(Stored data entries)
━━━━━━━━━━━━━━━━━━━━━━━━━━━━━━

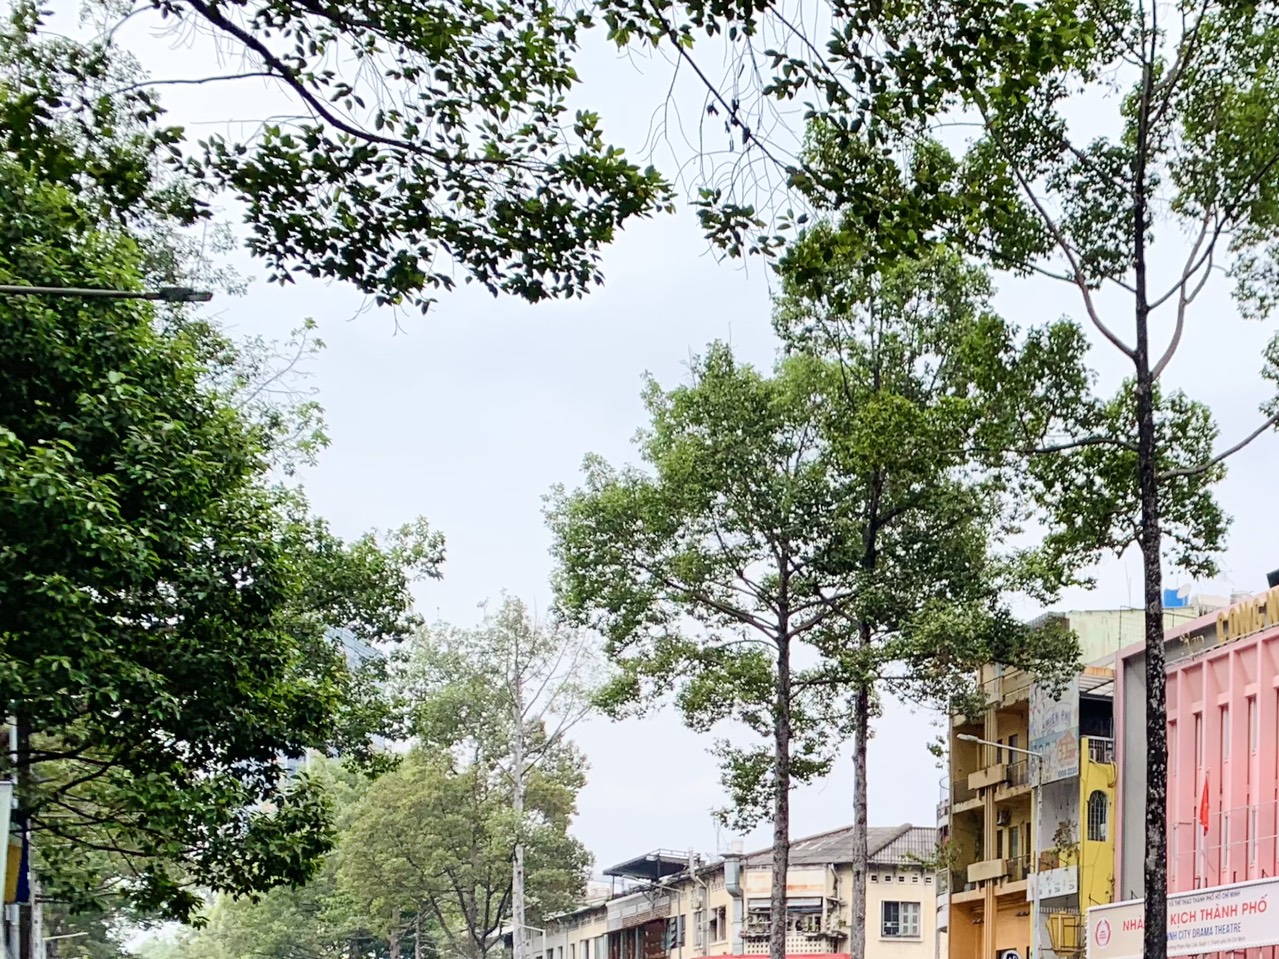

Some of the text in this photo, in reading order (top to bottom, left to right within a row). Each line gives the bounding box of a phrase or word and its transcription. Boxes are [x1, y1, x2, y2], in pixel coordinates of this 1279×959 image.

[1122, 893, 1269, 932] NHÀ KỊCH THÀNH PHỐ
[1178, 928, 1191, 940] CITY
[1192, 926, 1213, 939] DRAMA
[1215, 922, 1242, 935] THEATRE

━━━━━━━━━━━━━━━━━━━━━━━━━━━━━━

Using the records above, output an exact copy without any pictures.

### YOUR SOLUTION
Some of the text in this photo, in reading order (top to bottom, left to right within a row). Each line gives the bounding box of a phrase or word and its transcription. Boxes are [x1, y1, x2, y2], in pixel coordinates of this 1279×959 image.

[1122, 893, 1269, 932] NHÀ KỊCH THÀNH PHỐ
[1178, 928, 1191, 940] CITY
[1192, 926, 1213, 939] DRAMA
[1215, 922, 1242, 935] THEATRE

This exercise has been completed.